Replication methods and firewalls

We use the Percona xtrabackup-v2 method for sending changesets across the cluster. It's also possible to use rsync, but that's proven unreliable for us. Using xtrabackup-v2 requires the Percona innobackupex script installed (from Percona's apt repository, discussed above).
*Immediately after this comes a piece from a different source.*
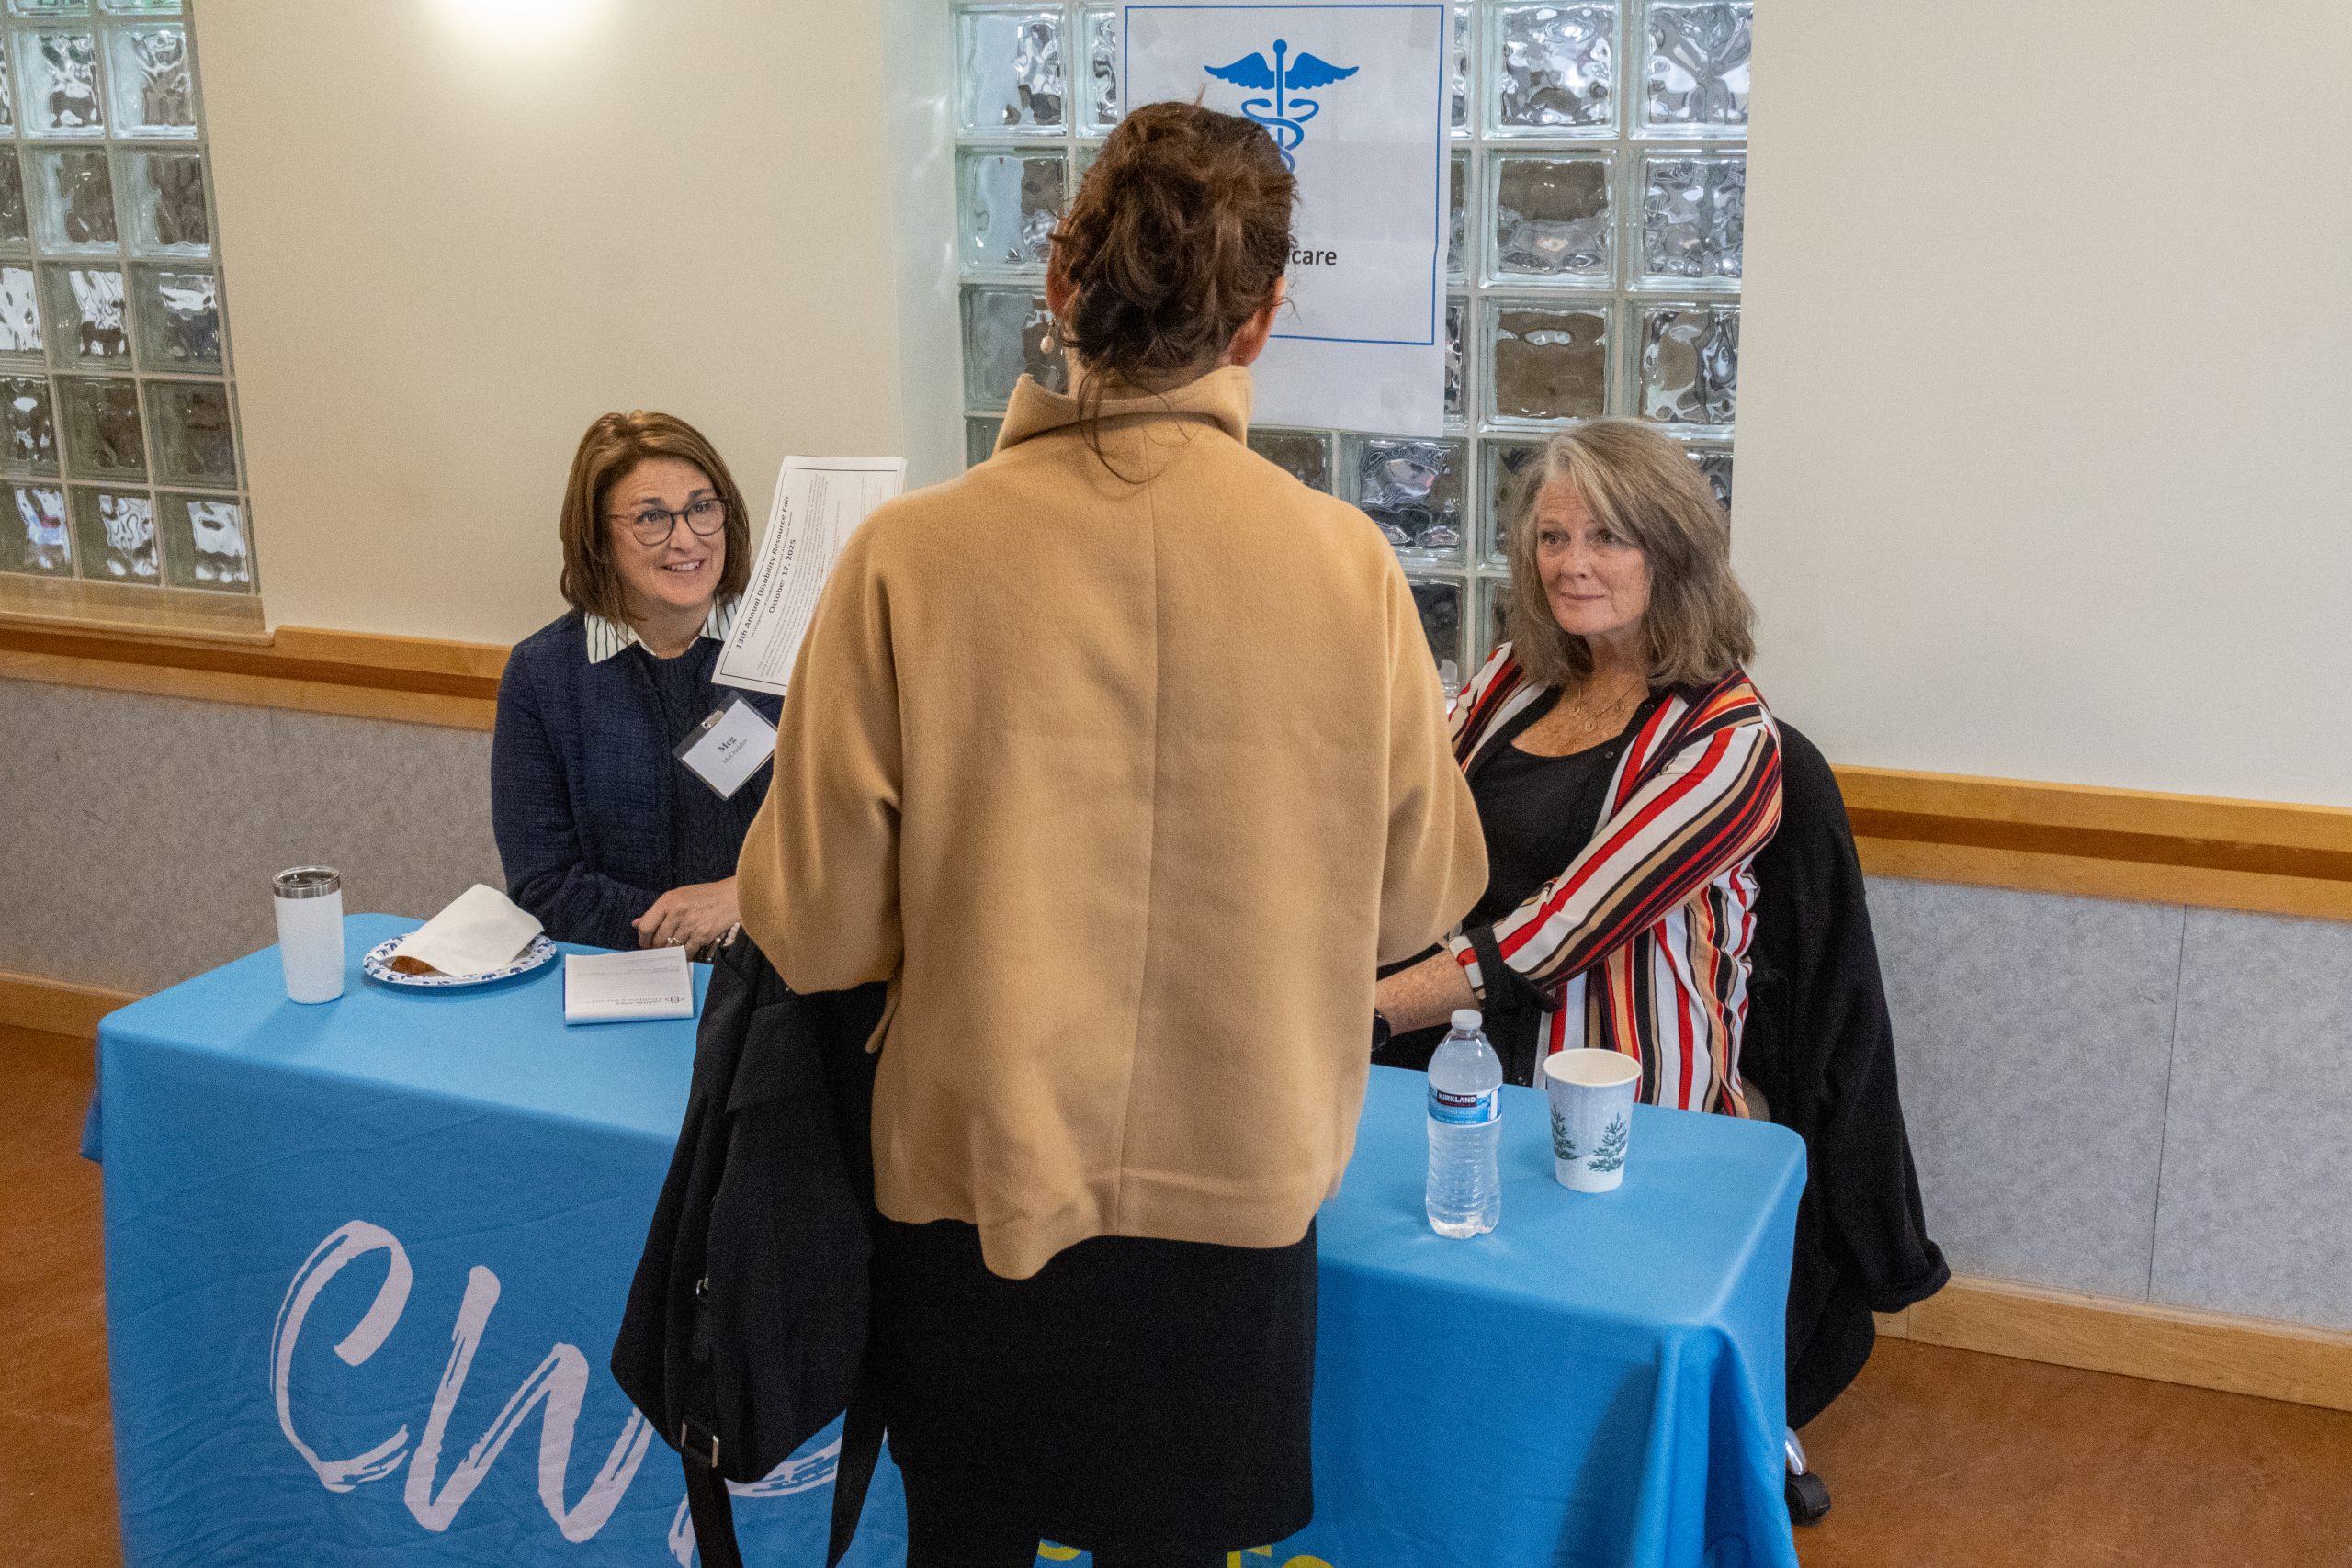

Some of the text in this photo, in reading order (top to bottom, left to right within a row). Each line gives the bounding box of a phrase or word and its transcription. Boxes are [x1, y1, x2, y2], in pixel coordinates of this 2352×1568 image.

To make the cluster work correctly, you'll need to open a bunch of ports on the server firewalls, as well as on any intervening site firewalls. We use the following port schema: TCP and UDP 4444 open, TCP 4567 open, TCP 4568 open, and TCP 3307 (used by innobackupex) open.

Starting up the cluster

The steps below can be replicated on all nodes of the cluster. First, install the database's system tables:

[root@server:/opt/mariadb-galera ]# ./scripts/mysql_install_db --defaults-file=/opt/mariadb-galera/my.cnf

Next, start up the server to set up the root user:

[root@server:/opt/mariadb-galera ]# /opt/mariadb-galera/bin/mysqld_safe --defaults-file=/opt/mariadb-galera/my.cnf --pid-file=/data/mariadb-galera/pid --wsrep-new-cluster --skip-grant-tables &

Check the file /data/mariadb-galera/[hostname].err for log messages and sort out any issues. Then, connect to the server and set up the root user and any other users and databases you want.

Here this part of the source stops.